Hi-De-Hi! – The Partridge Season

partridge

One of the advantages of a series like Hi-De-Hi! is that the large ensemble cast enables each character, especially those who usually operate on the periphery, to have a chance to shine.  And as might be expected by the title, The Partridge Season (Series One, Episode Four, Tx 12/04/81) puts the spotlight on the perpetually grumpy Punch and Judy man Mr Partridge (Leslie Dwyer).

Dwyer was a veteran actor (born 1906) who had enjoyed a long career in films and television (although usually in supporting roles).  Therefore, his regular performances in Hi-De-Hi! gave him a late taste of fame (very similar to the experiences enjoyed by the likes of John Laurie and Arnold Ridley in another Perry/Croft vehicle, Dad’s Army).  Mr Partridge was never going to be a character who would be central to the series (he worked better as someone who confined himself to the odd withering one-liner delivered from the comfort of his chair in the staff-room) but every so often he could be moved more up-front, as here.

Jeffrey has received orders to sack him.  Mr Partridge’s contempt for all children has already been well established, but this time he’s overstepped the mark.  When Jeffrey calls him into the office, Mr Partridge knows why he’s there and he gives him his side of the story.

Well, I was packing up the Punch and Judy and I couldn’t find the sausages. So I looked around and there was this snotty-nosed kid sucking an ice-cream cornet. ‘Have you got my sausages?’ I said. ‘Get lost, Grandad’ he said, and I could see ’em sticking out of his pocket. So I grabbed ’em off him, snatched his ice-cream cornet, stuck it in his face, give it a twist, then I clipped ‘im round the earhole and kicked ‘im up the arse.

I’ve already mentioned in my post on Hey Diddle Diddle how an air of melancholy is sometimes not far from the surface.  The forced jollity of the holiday-camp environment has something to do with it, but Mr Partridge (like some of the others) is an individual who’s found himself washed up at Maplins, past his prime and unable to get a job anywhere else.

He gives Jeffrey a brief outline of his career (as the camera slowly closes in on Dwyer, an obvious, but a good way of focusing the audience’s attention).  He started off on the halls as Whimsical Willie, the Juggling Joker.  After he came out of the Army in 1918 he gave up the juggling and became a comic – but talking pictures killed variety so he became a children’s entertainer.  After a stint entertaining the troops with ENSA during WW2 he eventually found himself working at Maplins.

All this is enough to convince Jeffrey that deserves another chance.  Mr Partridge is delighted and promises that he won’t let him down.  He also asks for an advance on his salary – to buy a new cover for the Punch and Judy booth, he says.  Jeffrey agrees and this is where the trouble really starts.

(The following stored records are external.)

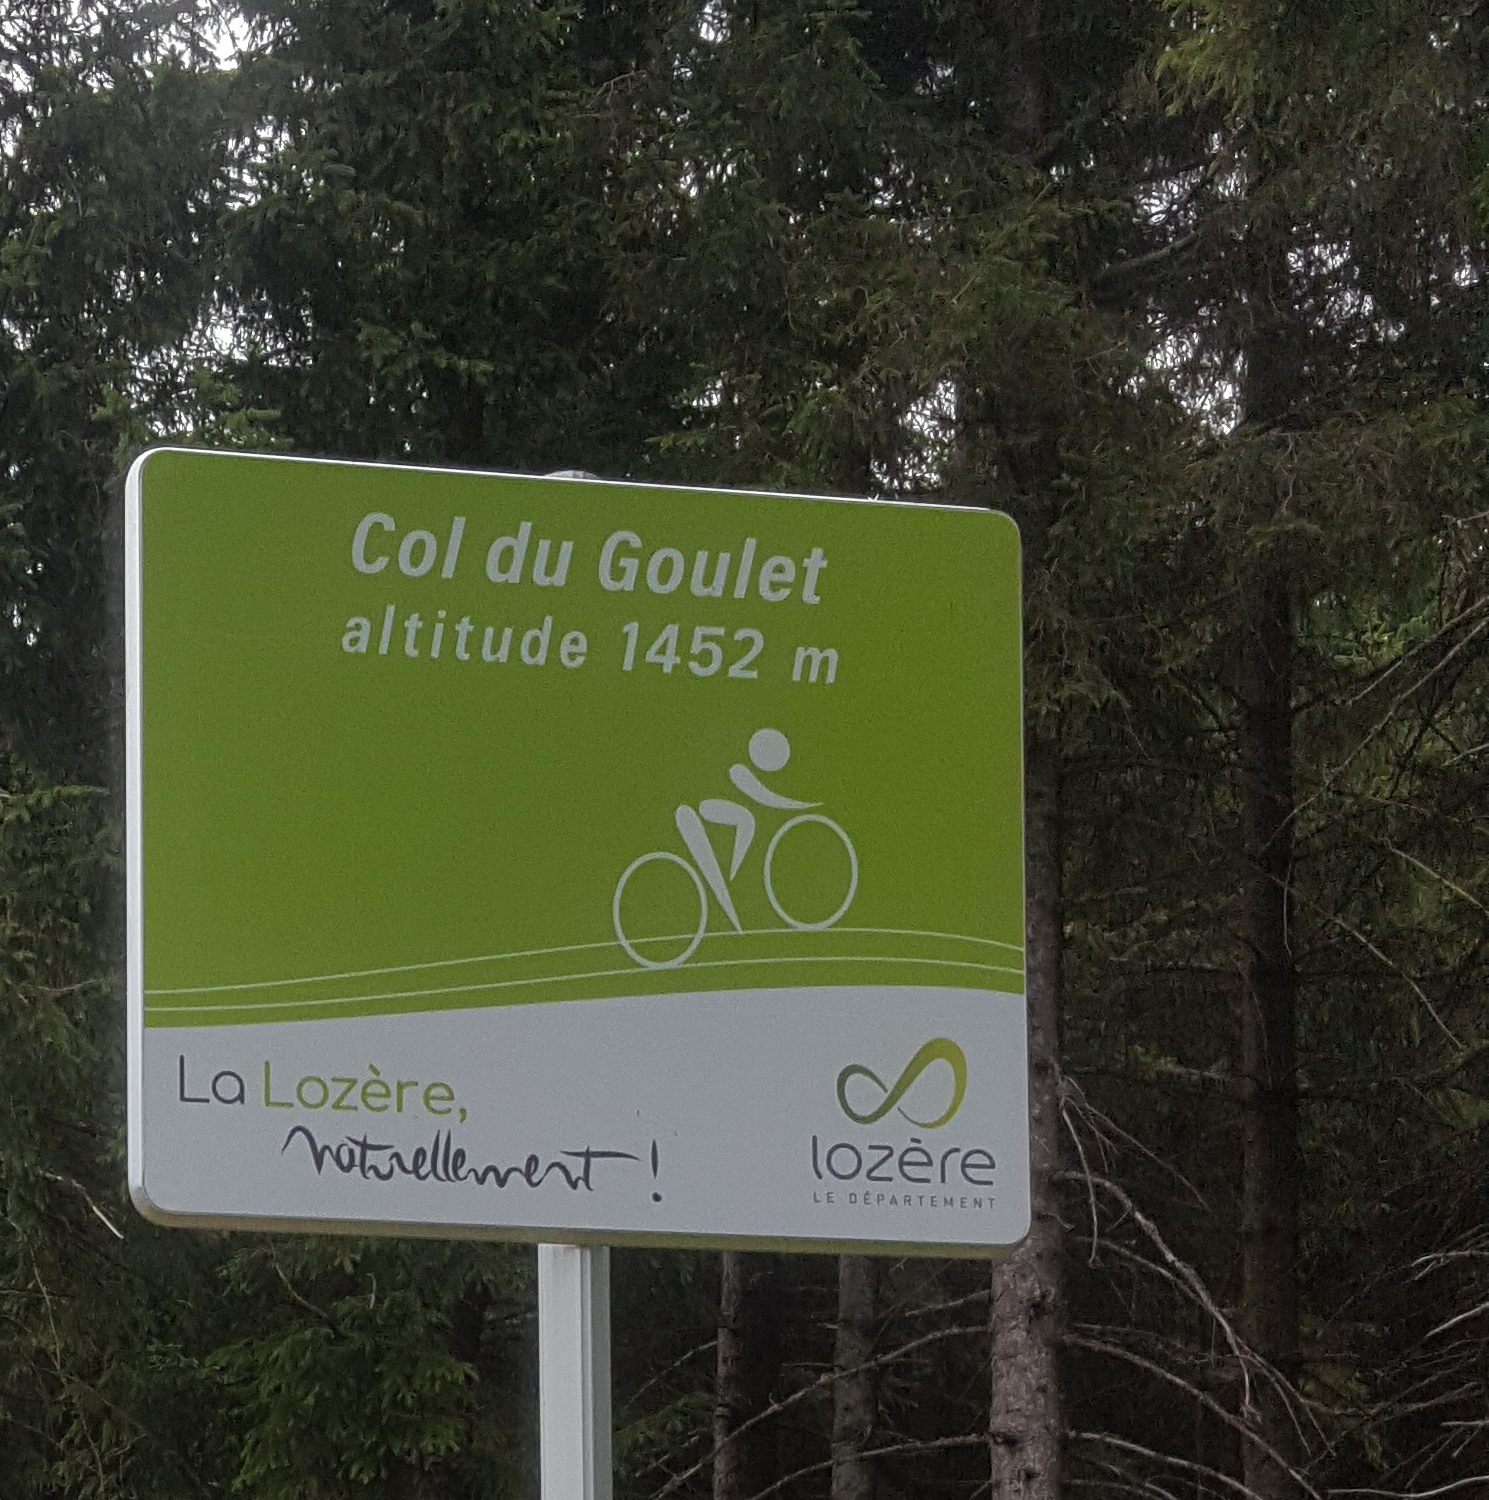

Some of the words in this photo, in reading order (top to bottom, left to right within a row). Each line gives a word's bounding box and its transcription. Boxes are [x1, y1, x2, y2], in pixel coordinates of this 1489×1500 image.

[351, 511, 467, 579] Col
[485, 520, 574, 588] du
[598, 530, 828, 605] Goulet
[341, 605, 588, 668] altitude
[622, 621, 762, 680] 1452
[792, 643, 839, 684] m
[179, 1054, 245, 1105] La
[263, 1060, 468, 1123] Lozère,
[811, 1134, 996, 1186] lozère
[813, 1191, 835, 1204] LE
[848, 1191, 996, 1209] DÉPARTEMENT

Jeffrey’s mistakenly under the impression that the affair of the ice-cream cornet was an isolated incident, but Ted puts him straight and lists some of Mr Partridge’s numerous run-ins with his audience.  “What about the time he put syrup of figs in the pot at the tiny-tots tea party?”  Worse than all this though is the benders.  “Once or twice every season, he gets a load of whisky and locks himself in his chalet and he’s legless for three days.”  And Jeffrey’s given him the money to do just that.

As ever, it’s the decent and honourable Jeffrey who has to suffer.  Always thinking the best of people, he finds himself left down by Mr Partridge and as a consequence has to share his chalet with Fred Quilley (who apologies for the horsey smell).  Best of all, he’s pressured into covering the Punch and Judy show.  The man-eating Sylvia offers to help, which seems like a good idea, but there’s very little room in the tent for two, much to Sylvia’s delight!

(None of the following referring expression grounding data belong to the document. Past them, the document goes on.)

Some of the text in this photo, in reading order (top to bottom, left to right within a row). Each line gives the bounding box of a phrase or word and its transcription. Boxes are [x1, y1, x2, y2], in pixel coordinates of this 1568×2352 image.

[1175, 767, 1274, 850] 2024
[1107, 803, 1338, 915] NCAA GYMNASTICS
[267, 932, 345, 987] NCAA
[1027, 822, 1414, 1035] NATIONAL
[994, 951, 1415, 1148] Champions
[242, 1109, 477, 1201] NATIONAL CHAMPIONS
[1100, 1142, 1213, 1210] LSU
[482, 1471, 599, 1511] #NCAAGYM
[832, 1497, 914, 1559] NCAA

Spike wants to help Mr Partridge, but Ted is unsympathetic.  “I’ve been covering up for him for ten years. And I’ve had it up to here. He’s a rotten, bad tempered old tosspot!”  Ted has never thought of him as anything other than a third-rate Punch and Judy man, but Spike tells him he’s seen the cuttings that record his earlier successes – topping the bill at the Holborn Empire and performing in a Royal Command Performance at Windsor Castle.

Of course, in the end all is well and whilst it’s inevitable that it won’t be long before Mr Partridge causes more trouble, his dysfunctional surrogate family at Maplins will no doubt rally round.  The reveal that he actually was as a big a star as he claimed is a nice, sentimental touch.  It would have been just as easy for him to really have been nothing more than a third-rate musical hall turn, but it’s his genuine (if faded) stardom, as well as the injury he sustained during WW1 (which was the reason he had to give up the juggling), that persuades Ted to talk Jeffrey into giving him another chance.